Problem requirements ▸ Would you copy the entries that follow exactly, leaving out every picture?

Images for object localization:
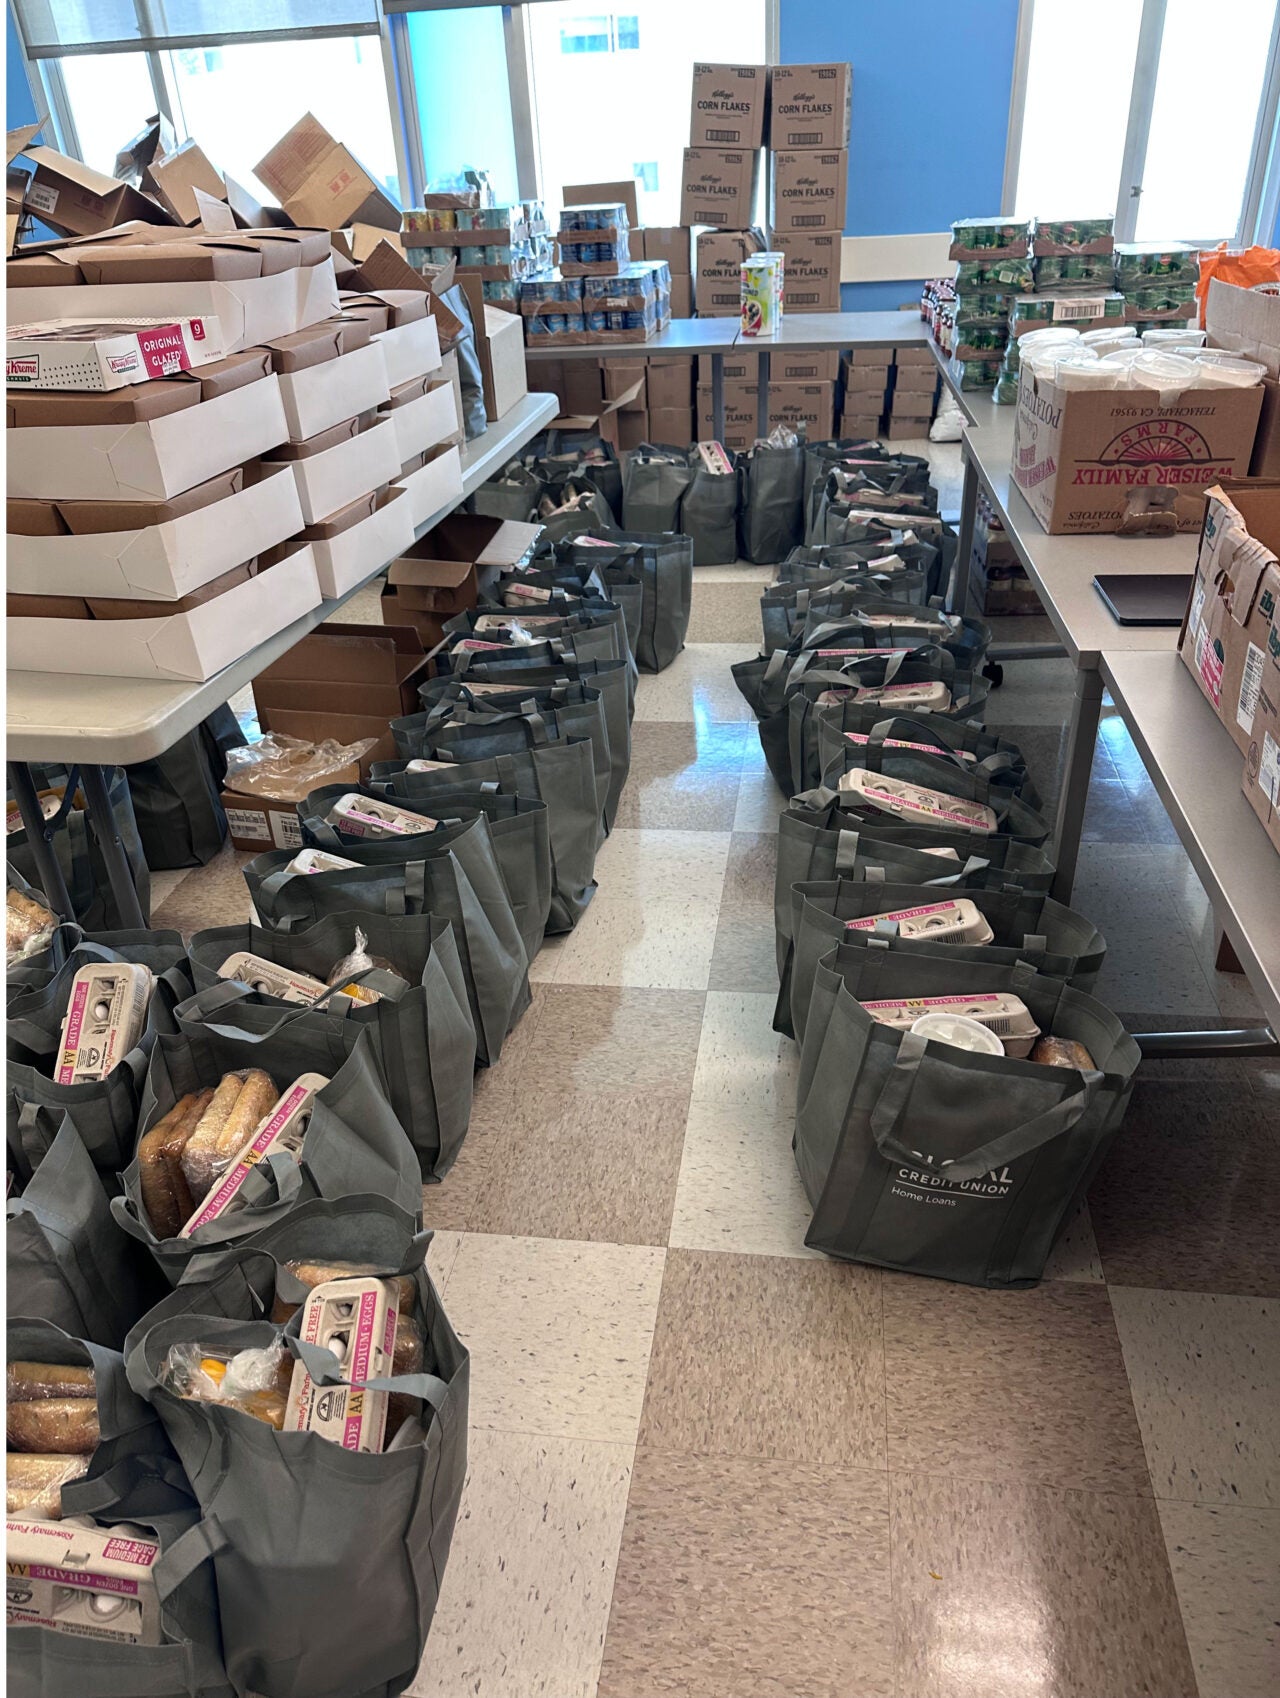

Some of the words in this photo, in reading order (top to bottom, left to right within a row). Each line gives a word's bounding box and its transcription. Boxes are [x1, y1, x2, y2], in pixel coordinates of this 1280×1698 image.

[697, 101, 719, 110] CORN
[721, 101, 750, 111] FLAKES
[778, 104, 800, 114] CORN
[802, 103, 832, 113] FLAKES
[686, 184, 707, 193] CORN
[709, 185, 737, 195] FLAKES
[782, 188, 803, 197] CORN
[806, 187, 835, 197] FLAKES
[702, 268, 721, 277] CORN
[800, 267, 828, 276] FLAKES
[194, 324, 201, 334] 9
[143, 336, 181, 352] ORIGINAL
[151, 351, 181, 367] GLAZED
[9, 360, 37, 374] Kreme
[1110, 408, 1137, 417] 93561
[1140, 408, 1153, 416] CA
[1157, 406, 1216, 416] TEHACHAPI,
[726, 414, 753, 422] FLAKES
[769, 414, 789, 422] CORN
[791, 413, 817, 422] FLAKES
[1120, 422, 1198, 447] FARMS
[1072, 468, 1149, 485] FAMILY
[893, 909, 926, 921] GRADE
[929, 997, 966, 1006] GRADE
[67, 1010, 81, 1046] GRADE
[63, 1051, 75, 1065] AA
[258, 1114, 285, 1149] GRADE
[243, 1152, 259, 1165] AA
[214, 1168, 247, 1212] MEDIUM
[960, 1181, 1010, 1195] UNION
[891, 1186, 923, 1202] Home
[925, 1195, 957, 1207] Loans
[307, 1305, 319, 1333] FREE
[349, 1393, 364, 1414] AA
[362, 1294, 376, 1327] EGGS
[30, 1527, 74, 1540] Rosemary
[109, 1539, 132, 1550] FREE
[133, 1545, 154, 1555] CAGE
[106, 1549, 137, 1563] MEDIUM
[139, 1555, 149, 1564] 12
[7, 1563, 26, 1576] AA
[36, 1567, 91, 1584] GRADE
[95, 1581, 119, 1590] DOZEN

Exercise result ▸
Some of the words in this photo, in reading order (top to bottom, left to right within a row). Each line gives a word's bounding box and its transcription. Boxes are [x1, y1, x2, y2], in pixel coordinates of this 1280×1698 image.

[697, 101, 719, 110] CORN
[721, 101, 750, 111] FLAKES
[778, 104, 800, 114] CORN
[802, 103, 832, 113] FLAKES
[686, 184, 707, 193] CORN
[709, 185, 737, 195] FLAKES
[782, 188, 803, 197] CORN
[806, 187, 835, 197] FLAKES
[702, 268, 721, 277] CORN
[800, 267, 828, 276] FLAKES
[194, 324, 201, 334] 9
[143, 336, 181, 352] ORIGINAL
[151, 351, 181, 367] GLAZED
[9, 360, 37, 374] Kreme
[1110, 408, 1137, 417] 93561
[1140, 408, 1153, 416] CA
[1157, 406, 1216, 416] TEHACHAPI,
[726, 414, 753, 422] FLAKES
[769, 414, 789, 422] CORN
[791, 413, 817, 422] FLAKES
[1120, 422, 1198, 447] FARMS
[1072, 468, 1149, 485] FAMILY
[893, 909, 926, 921] GRADE
[929, 997, 966, 1006] GRADE
[67, 1010, 81, 1046] GRADE
[63, 1051, 75, 1065] AA
[258, 1114, 285, 1149] GRADE
[243, 1152, 259, 1165] AA
[214, 1168, 247, 1212] MEDIUM
[960, 1181, 1010, 1195] UNION
[891, 1186, 923, 1202] Home
[925, 1195, 957, 1207] Loans
[307, 1305, 319, 1333] FREE
[349, 1393, 364, 1414] AA
[362, 1294, 376, 1327] EGGS
[30, 1527, 74, 1540] Rosemary
[109, 1539, 132, 1550] FREE
[133, 1545, 154, 1555] CAGE
[106, 1549, 137, 1563] MEDIUM
[139, 1555, 149, 1564] 12
[7, 1563, 26, 1576] AA
[36, 1567, 91, 1584] GRADE
[95, 1581, 119, 1590] DOZEN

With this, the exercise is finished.